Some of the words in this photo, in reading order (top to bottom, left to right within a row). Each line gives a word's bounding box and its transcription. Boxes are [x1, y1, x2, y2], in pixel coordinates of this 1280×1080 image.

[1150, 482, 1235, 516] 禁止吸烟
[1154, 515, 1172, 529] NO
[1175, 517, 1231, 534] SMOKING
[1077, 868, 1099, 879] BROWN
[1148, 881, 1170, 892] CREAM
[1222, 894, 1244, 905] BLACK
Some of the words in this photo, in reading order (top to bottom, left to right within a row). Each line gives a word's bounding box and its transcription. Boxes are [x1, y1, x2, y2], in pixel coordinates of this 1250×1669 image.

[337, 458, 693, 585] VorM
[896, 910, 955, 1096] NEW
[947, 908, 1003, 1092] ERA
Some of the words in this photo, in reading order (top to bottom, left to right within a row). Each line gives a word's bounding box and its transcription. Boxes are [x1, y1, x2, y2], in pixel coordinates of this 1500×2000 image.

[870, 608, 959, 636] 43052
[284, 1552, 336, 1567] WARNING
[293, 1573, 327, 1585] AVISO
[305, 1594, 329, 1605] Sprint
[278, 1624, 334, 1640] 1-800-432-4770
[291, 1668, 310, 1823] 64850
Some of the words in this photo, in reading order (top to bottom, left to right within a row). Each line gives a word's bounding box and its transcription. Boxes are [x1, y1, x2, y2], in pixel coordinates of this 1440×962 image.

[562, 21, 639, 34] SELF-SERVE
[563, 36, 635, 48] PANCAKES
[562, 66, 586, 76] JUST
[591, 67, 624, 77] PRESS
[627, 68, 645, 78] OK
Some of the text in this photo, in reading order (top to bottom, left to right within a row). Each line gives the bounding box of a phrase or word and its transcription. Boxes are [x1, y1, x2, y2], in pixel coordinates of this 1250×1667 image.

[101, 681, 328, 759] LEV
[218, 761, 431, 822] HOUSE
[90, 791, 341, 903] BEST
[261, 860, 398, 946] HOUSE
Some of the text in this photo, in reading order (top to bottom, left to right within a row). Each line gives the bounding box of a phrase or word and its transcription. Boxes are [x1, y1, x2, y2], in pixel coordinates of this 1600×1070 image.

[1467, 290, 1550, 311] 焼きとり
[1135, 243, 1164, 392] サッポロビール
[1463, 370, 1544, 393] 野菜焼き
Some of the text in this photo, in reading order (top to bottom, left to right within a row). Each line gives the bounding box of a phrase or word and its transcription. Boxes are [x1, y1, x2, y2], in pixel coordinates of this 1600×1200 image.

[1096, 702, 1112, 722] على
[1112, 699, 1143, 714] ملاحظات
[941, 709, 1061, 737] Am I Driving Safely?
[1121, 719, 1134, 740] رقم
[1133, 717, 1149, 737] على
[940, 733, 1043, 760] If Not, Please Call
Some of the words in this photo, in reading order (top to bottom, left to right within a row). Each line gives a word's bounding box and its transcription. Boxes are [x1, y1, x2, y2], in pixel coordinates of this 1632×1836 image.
-----
▶ Work task: Copy out the material in full, exactly as it reads.

▶ Reply:
Some of the words in this photo, in reading order (top to bottom, left to right within a row). Each line gives a word's bounding box and its transcription. Boxes are [x1, y1, x2, y2], in pixel coordinates of this 1280×1080 image.

[1150, 482, 1235, 516] 禁止吸烟
[1154, 515, 1172, 529] NO
[1175, 517, 1231, 534] SMOKING
[1077, 868, 1099, 879] BROWN
[1148, 881, 1170, 892] CREAM
[1222, 894, 1244, 905] BLACK
Some of the words in this photo, in reading order (top to bottom, left to right within a row). Each line gives a word's bounding box and its transcription. Boxes are [x1, y1, x2, y2], in pixel coordinates of this 1250×1669 image.

[337, 458, 693, 585] VorM
[896, 910, 955, 1096] NEW
[947, 908, 1003, 1092] ERA
Some of the words in this photo, in reading order (top to bottom, left to right within a row). Each line gives a word's bounding box and its transcription. Boxes are [x1, y1, x2, y2], in pixel coordinates of this 1500×2000 image.

[870, 608, 959, 636] 43052
[284, 1552, 336, 1567] WARNING
[293, 1573, 327, 1585] AVISO
[305, 1594, 329, 1605] Sprint
[278, 1624, 334, 1640] 1-800-432-4770
[291, 1668, 310, 1823] 64850
Some of the words in this photo, in reading order (top to bottom, left to right within a row). Each line gives a word's bounding box and its transcription. Boxes are [x1, y1, x2, y2], in pixel coordinates of this 1440×962 image.

[562, 21, 639, 34] SELF-SERVE
[563, 36, 635, 48] PANCAKES
[562, 66, 586, 76] JUST
[591, 67, 624, 77] PRESS
[627, 68, 645, 78] OK
Some of the text in this photo, in reading order (top to bottom, left to right within a row). Each line gives the bounding box of a phrase or word and its transcription. Boxes are [x1, y1, x2, y2], in pixel coordinates of this 1250×1667 image.

[101, 681, 328, 759] LEV
[218, 761, 431, 822] HOUSE
[90, 791, 341, 903] BEST
[261, 860, 398, 946] HOUSE
Some of the text in this photo, in reading order (top to bottom, left to right within a row). Each line gives the bounding box of a phrase or word and its transcription. Boxes are [x1, y1, x2, y2], in pixel coordinates of this 1600×1070 image.

[1467, 290, 1550, 311] 焼きとり
[1135, 243, 1164, 392] サッポロビール
[1463, 370, 1544, 393] 野菜焼き
Some of the text in this photo, in reading order (top to bottom, left to right within a row). Each line gives the bounding box of a phrase or word and its transcription. Boxes are [x1, y1, x2, y2], in pixel coordinates of this 1600×1200 image.

[1096, 702, 1112, 722] على
[1112, 699, 1143, 714] ملاحظات
[941, 709, 1061, 737] Am I Driving Safely?
[1121, 719, 1134, 740] رقم
[1133, 717, 1149, 737] على
[940, 733, 1043, 760] If Not, Please Call
Some of the words in this photo, in reading order (top to bottom, left to right within a row). Each line gives a word's bounding box and its transcription. Boxes are [x1, y1, x2, y2], in pixel coordinates of this 1632×1836 image.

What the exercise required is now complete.